■ Your objective ■
The entries are to be printed again word for word, but no picture may appear.

■ Exercise data ■
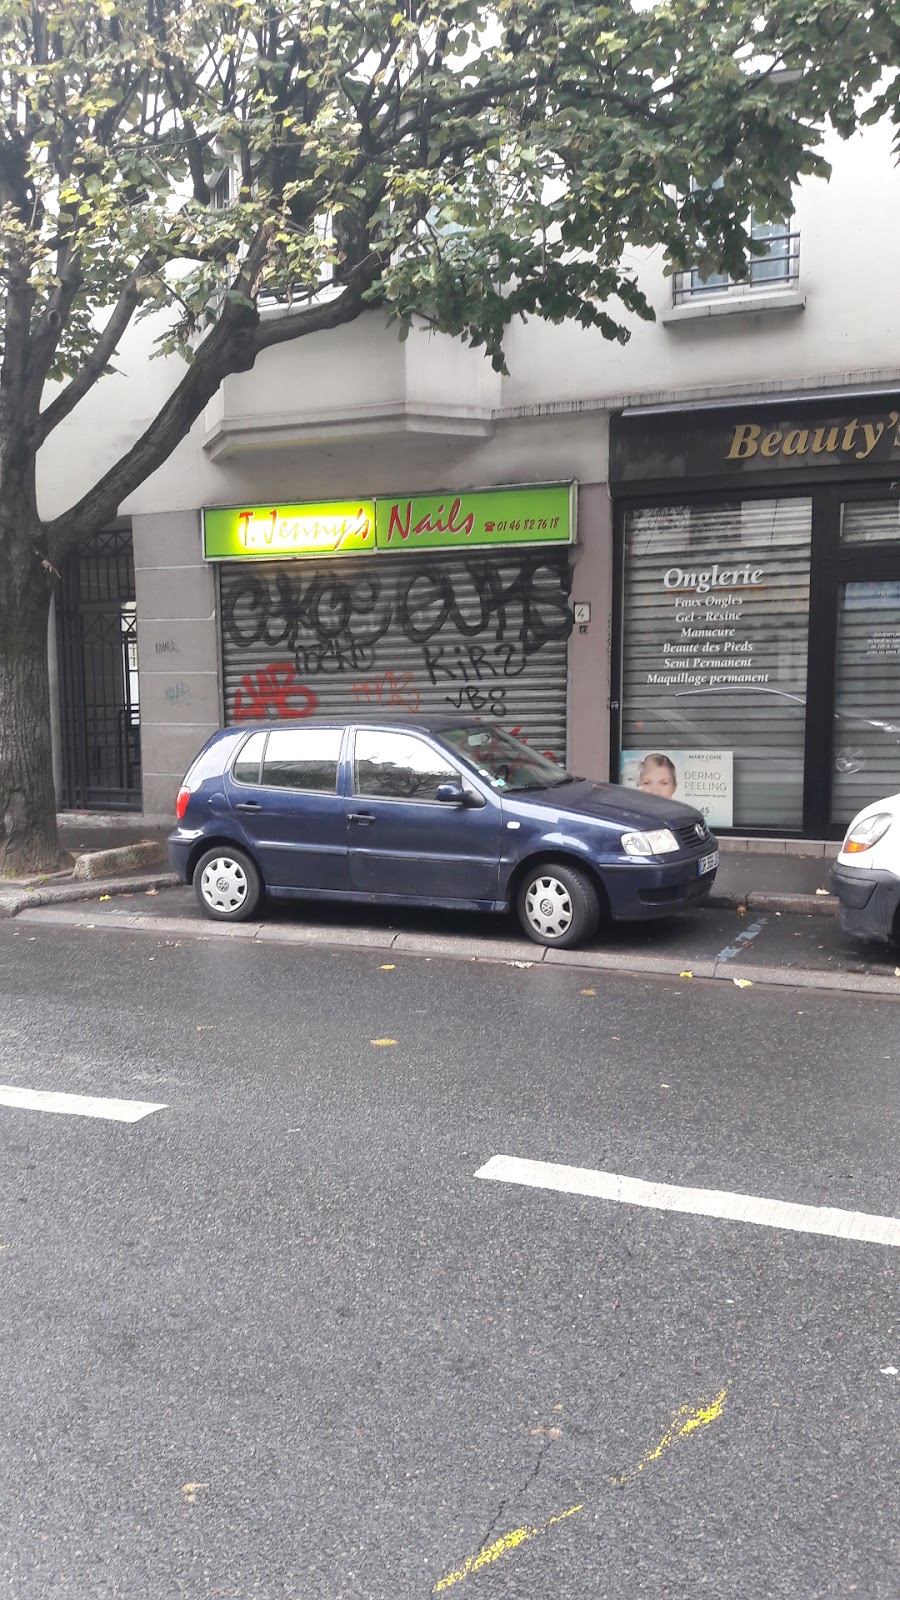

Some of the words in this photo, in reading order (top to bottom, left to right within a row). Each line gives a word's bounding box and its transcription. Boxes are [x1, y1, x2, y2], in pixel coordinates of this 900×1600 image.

[239, 511, 256, 547] T.
[264, 508, 372, 551] Jenny's
[387, 498, 475, 543] Nails
[663, 564, 764, 593] Onglerie
[674, 597, 702, 608] Faux
[705, 594, 743, 608] Ongles
[675, 611, 695, 623] Gel
[705, 610, 742, 622] Résine
[680, 627, 736, 638] Manucure
[662, 642, 700, 653] Beauté
[702, 641, 721, 652] des
[723, 640, 753, 652] Pieds
[662, 658, 690, 669] Semi
[692, 657, 752, 669] Permanent
[646, 672, 707, 687] Maquillage
[709, 673, 769, 685] permanent
[684, 771, 721, 781] DERMO
[684, 781, 727, 791] PEELING
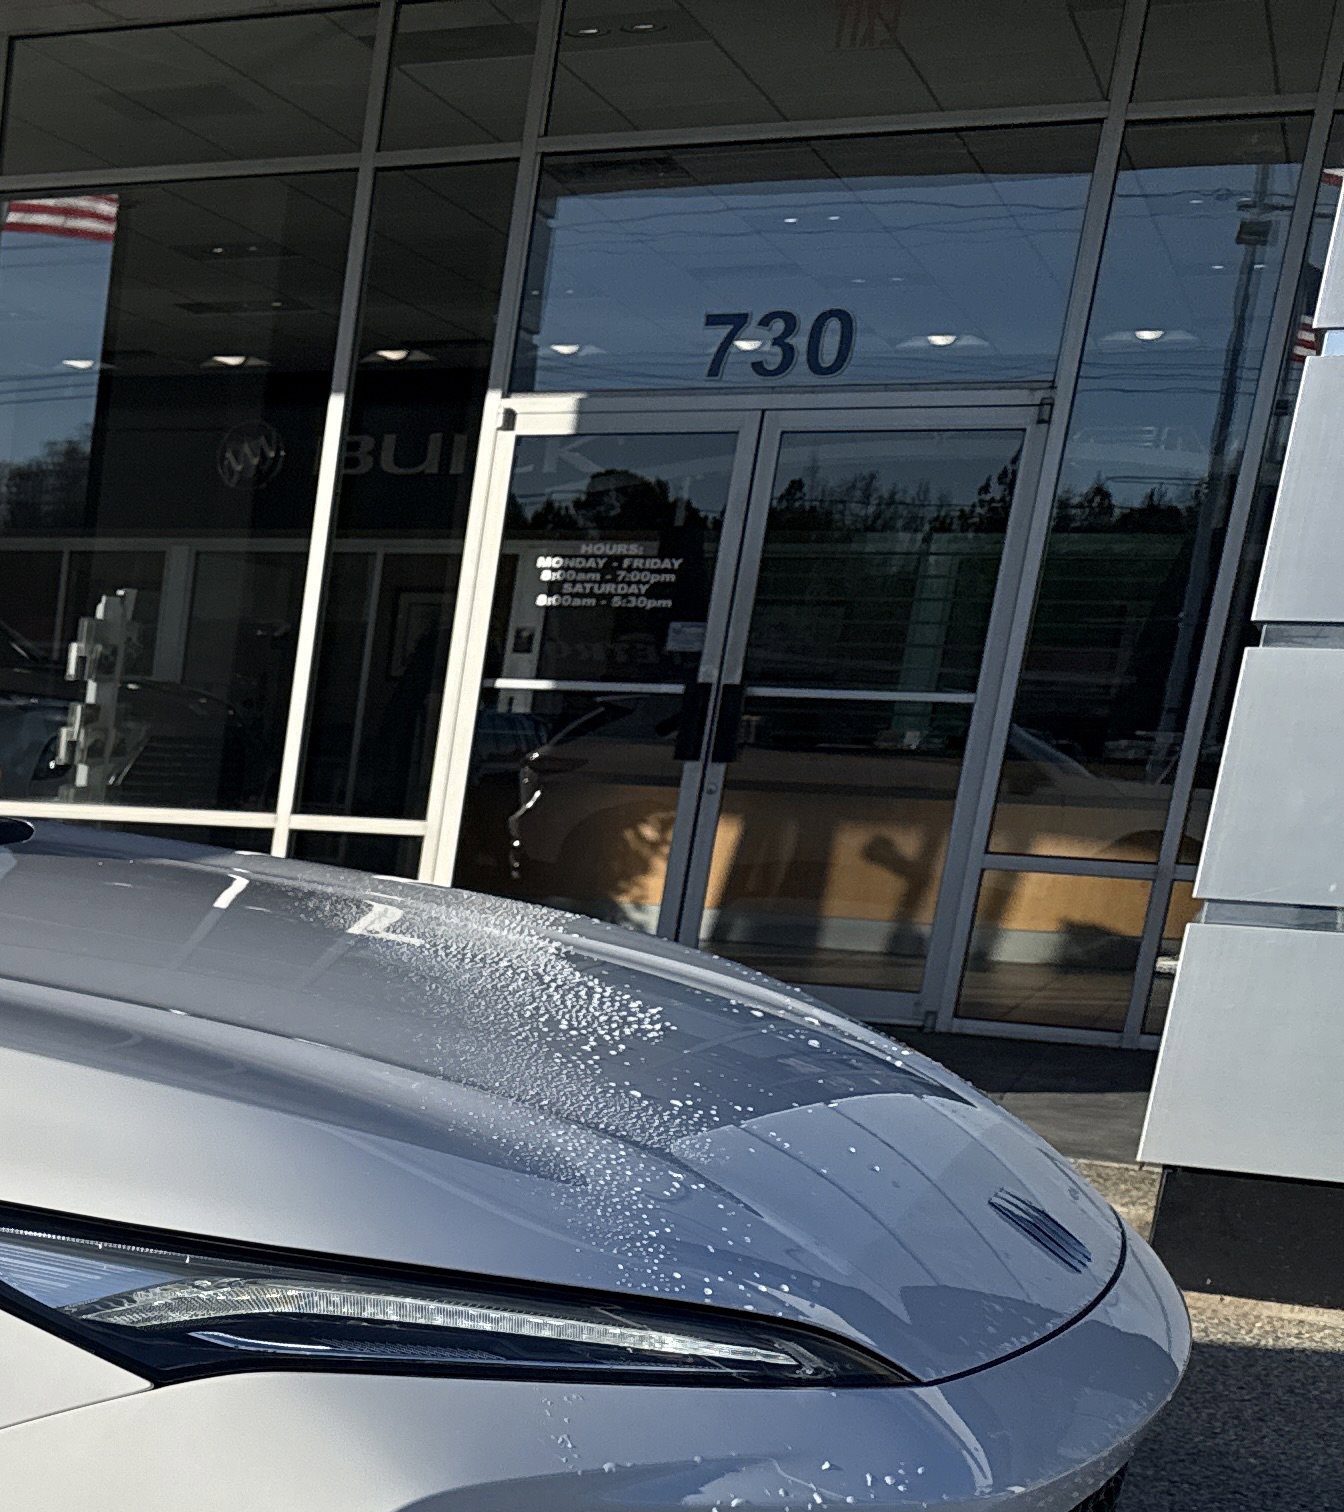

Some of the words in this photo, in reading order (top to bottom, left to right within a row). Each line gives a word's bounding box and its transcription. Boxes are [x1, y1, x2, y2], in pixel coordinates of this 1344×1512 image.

■ Response area ■
Some of the words in this photo, in reading order (top to bottom, left to right within a row). Each line gives a word's bounding box and its transcription. Boxes are [x1, y1, x2, y2], in pixel coordinates of this 900×1600 image.

[239, 511, 256, 547] T.
[264, 508, 372, 551] Jenny's
[387, 498, 475, 543] Nails
[663, 564, 764, 593] Onglerie
[674, 597, 702, 608] Faux
[705, 594, 743, 608] Ongles
[675, 611, 695, 623] Gel
[705, 610, 742, 622] Résine
[680, 627, 736, 638] Manucure
[662, 642, 700, 653] Beauté
[702, 641, 721, 652] des
[723, 640, 753, 652] Pieds
[662, 658, 690, 669] Semi
[692, 657, 752, 669] Permanent
[646, 672, 707, 687] Maquillage
[709, 673, 769, 685] permanent
[684, 771, 721, 781] DERMO
[684, 781, 727, 791] PEELING

Some of the words in this photo, in reading order (top to bottom, left to right within a row). Each line gives a word's bounding box and its transcription. Boxes are [x1, y1, x2, y2], in pixel coordinates of this 1344×1512 image.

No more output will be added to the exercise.